I've worked hard at improving my lawn and now am dealing with grass that is appearing very dry or dead alongside the sides of my driveway and also the street. I am in NH.

I noticed that when I try to put a sprinkler stake into the ground in those areas, I can barely get down 6 inches before hitting some hard material that I assume is gravel. When I go a few feet into the yard where the grass is green, the stake can easily be pressed down over a foot. So I bet the grass roots aren't getting deep enough to stay moist during the summer heat. I also applied fertilizer a few weeks ago and I watered it in, but we got hit with a hot week after it and perhaps the high heat and drought conditions caused fertilizer burn in those areas? Any thoughts?

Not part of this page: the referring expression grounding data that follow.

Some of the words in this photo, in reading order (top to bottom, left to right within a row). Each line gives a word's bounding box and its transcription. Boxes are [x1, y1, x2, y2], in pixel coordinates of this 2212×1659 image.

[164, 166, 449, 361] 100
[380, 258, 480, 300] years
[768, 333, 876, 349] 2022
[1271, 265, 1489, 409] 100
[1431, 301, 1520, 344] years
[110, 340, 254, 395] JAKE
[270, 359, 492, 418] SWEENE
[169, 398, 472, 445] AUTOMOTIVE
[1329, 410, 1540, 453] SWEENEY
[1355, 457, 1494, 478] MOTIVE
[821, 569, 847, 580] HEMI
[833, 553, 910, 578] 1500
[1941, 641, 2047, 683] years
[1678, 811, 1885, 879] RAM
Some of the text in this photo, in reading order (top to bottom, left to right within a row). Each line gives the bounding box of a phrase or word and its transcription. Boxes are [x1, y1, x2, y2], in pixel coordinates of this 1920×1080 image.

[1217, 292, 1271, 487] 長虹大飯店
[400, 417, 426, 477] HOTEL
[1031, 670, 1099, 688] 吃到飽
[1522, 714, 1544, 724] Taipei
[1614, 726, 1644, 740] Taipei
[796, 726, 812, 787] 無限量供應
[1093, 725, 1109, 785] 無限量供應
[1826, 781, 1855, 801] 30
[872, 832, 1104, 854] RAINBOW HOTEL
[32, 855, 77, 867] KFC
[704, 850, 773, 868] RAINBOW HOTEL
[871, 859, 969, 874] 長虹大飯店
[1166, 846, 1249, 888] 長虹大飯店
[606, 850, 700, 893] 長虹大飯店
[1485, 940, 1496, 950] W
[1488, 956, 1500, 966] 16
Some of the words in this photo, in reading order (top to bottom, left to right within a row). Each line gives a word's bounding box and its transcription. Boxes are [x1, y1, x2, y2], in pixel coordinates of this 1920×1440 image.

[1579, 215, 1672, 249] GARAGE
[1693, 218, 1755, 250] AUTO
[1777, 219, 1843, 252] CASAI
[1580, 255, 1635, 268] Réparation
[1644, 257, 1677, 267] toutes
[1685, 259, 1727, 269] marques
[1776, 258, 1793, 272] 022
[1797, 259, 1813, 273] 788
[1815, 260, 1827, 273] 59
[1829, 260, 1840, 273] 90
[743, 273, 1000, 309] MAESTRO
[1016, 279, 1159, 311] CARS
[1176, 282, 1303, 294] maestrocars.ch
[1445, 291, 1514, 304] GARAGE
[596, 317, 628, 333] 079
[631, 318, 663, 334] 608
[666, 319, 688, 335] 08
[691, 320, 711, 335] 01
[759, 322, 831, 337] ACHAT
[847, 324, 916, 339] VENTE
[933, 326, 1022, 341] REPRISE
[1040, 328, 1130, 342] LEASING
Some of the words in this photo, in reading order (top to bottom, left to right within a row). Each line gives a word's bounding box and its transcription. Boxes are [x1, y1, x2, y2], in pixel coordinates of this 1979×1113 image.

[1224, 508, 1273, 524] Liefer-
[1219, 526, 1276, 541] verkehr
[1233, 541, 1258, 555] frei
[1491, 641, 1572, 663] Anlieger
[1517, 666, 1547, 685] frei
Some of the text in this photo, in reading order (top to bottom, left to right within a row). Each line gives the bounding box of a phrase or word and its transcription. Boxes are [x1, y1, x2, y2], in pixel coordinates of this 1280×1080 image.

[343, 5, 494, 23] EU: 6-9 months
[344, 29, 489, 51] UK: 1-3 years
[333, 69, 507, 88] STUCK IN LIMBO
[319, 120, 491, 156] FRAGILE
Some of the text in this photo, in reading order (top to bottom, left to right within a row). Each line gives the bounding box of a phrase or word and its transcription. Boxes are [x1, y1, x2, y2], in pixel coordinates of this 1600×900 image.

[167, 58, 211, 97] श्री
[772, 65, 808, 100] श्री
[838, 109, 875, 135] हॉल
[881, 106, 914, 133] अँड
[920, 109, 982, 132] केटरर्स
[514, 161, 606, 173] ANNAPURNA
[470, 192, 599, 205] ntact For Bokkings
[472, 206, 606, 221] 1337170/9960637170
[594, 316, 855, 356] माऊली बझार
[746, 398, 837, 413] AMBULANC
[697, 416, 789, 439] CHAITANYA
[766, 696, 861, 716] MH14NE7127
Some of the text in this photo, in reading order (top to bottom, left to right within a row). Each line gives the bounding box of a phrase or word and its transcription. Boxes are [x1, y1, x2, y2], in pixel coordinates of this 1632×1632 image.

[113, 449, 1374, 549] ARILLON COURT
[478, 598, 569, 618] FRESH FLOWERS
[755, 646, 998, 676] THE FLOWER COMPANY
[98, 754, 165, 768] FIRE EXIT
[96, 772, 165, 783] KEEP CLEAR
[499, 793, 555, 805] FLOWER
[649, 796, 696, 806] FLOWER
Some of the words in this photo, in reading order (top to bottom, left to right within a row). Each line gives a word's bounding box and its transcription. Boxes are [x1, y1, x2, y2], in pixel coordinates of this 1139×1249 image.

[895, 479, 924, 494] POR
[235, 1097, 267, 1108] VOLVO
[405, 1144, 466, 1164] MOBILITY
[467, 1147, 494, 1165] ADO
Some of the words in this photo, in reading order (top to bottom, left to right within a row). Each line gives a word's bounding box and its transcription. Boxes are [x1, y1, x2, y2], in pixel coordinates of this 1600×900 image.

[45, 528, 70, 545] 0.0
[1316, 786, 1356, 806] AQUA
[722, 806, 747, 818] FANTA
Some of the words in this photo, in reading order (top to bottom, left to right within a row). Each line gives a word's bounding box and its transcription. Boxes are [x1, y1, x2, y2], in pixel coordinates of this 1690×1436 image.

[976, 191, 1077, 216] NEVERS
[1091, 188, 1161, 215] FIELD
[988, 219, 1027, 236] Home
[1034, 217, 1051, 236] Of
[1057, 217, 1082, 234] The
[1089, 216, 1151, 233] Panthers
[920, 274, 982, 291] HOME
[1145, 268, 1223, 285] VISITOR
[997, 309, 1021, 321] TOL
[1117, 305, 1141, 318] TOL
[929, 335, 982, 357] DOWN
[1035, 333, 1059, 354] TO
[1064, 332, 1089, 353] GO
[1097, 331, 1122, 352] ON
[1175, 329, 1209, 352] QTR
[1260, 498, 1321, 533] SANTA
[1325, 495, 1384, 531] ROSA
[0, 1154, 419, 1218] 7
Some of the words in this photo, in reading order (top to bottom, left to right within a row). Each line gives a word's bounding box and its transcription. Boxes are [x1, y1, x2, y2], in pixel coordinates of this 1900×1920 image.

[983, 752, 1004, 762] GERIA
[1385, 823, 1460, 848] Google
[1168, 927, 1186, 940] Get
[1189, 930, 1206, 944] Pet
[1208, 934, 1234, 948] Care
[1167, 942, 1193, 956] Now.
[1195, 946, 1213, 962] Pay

Here are photos of the new brown areas which line the sides of my driveway and the street:

























































Here are photos of most of my lawn which is in great condition:

































Here is a close up of my grass. My lawn was hydroseeded 2 years ago so I'm not sure what type of grass I have. Is this mostly KBG?









Lastly, I have a decent amount of clover. Do you think I should apply Triclopyr to those areas?

Appreciate the feedback!


----------



## mazurkfsflip (Oct 5, 2020)

I'm having the same issue near a sidewalk but it's not the entire span of the sidewalk. The cause is likely the same as what's happening to you.

Hopefully someone can help us.


----------



## LawnMavrik (Sep 22, 2020)

Dealing with same small spots like this and like @mazurkfsflip mentioned. In my case it's rocks and heat from hard scape. I've been drenching with water after raking lightly and adding more seed and top dress. Your lawn looks great overall.


----------



## LawnMavrik (Sep 22, 2020)

What have your daily high temps been? I like T Zone for cooler periods. It's a potent 4 way especially if you have any woody broadleaf. Alternatively Ortho weed b gone on clover when it's warmer has great knock down on clover.


----------



## stevehollx (Apr 8, 2020)

What did it look like in Spring? Was there a bunch of Poa Annua there? That gets toasty in the summer and may be confused as heat stress when the issue is more of a different issue. I see a lot of neighbor edges by the driveway and street that don't do well fill in with Poa A and then go dormant/die brown when the daytime heat hits 85F+.

Otherwise, then likely heat stress and needs water. Sometimes the edges need extra hand watering.


----------



## 7824 (Oct 23, 2019)

My money is on a soil depth issue.


----------



## Lawn Whisperer (Feb 15, 2021)

learningeveryday said:


> My money is on a soil depth issue.


^+1
Rocks, gravel, and sand used as a base foundation for the asphalt driveway.


----------



## jpzsports (Jun 1, 2021)

stevehollx said:


> What did it look like in Spring? Was there a bunch of Poa Annua there? That gets toasty in the summer and may be confused as heat stress when the issue is more of a different issue. I see a lot of neighbor edges by the driveway and street that don't do well fill in with Poa A and then go dormant/die brown when the daytime heat hits 85F+.
> 
> Otherwise, then likely heat stress and needs water. Sometimes the edges need extra hand watering.


Here's an image from the spring when it was in great condition: 









And here's an image from a couple weeks ago:


----------



## bernstem (Jan 16, 2018)

Probe the area with a 12 inch screwdriver or similar to see if there are a lot of rocks and rule out debris. That looks like drought stress and damage. Though some lawn diseases like Summer Patch look like drought stress, the location suggests heat from the blacktop and/or debris like LawnMavrik said. Look at irrigation issues as a possible contributor. If you have in ground, it may not be uniform or enough if it has been dry. The same applies if you use hose end sprinklers.


----------



## jpzsports (Jun 1, 2021)

Thanks to all for the feedback.

Do you agree that it's most likely heat stress perhaps due to shallow root system near the pavement? Perhaps the fertilizer caused some burn as well.

In addition to watering these areas more, any suggestions for how to prevent this going forward? Are there any grass types that do better with heat and shallow roots that I should overseed with in the fall around these areas? Should I add more topsoil?

Is the brown grass there dead or do you think it will come back with rain and watering?


----------



## TheThirstyTurtle (May 3, 2019)

If it's rocks and stuff under a relatively thin amount of soil, you may want to consider digging it up and replacing it with a base of deeper and better soil, so the grass roots can take hold deep enough.

If you don't have a bunch of rocks and gravel underneath, then maybe it's just a watering issue going forward. A few simple but deep hand waterings may help out a lot.

The brown material should hopefully come back, but you seem to have a lot of dead matted material there that may choke the grass from coming back. You should consider taking that out with a dethatched and then later with a thatch rake to clean it up as much as possible, preferably in the fall. That may be enough to have the grass come back in, otherwise you may want to throw a bit of seed in some of the bare spots and keep them moist until grass begins to grow in.

If you go the grass seed route, then maybe consider some cultivars that do well near driveways and sidewalks.


----------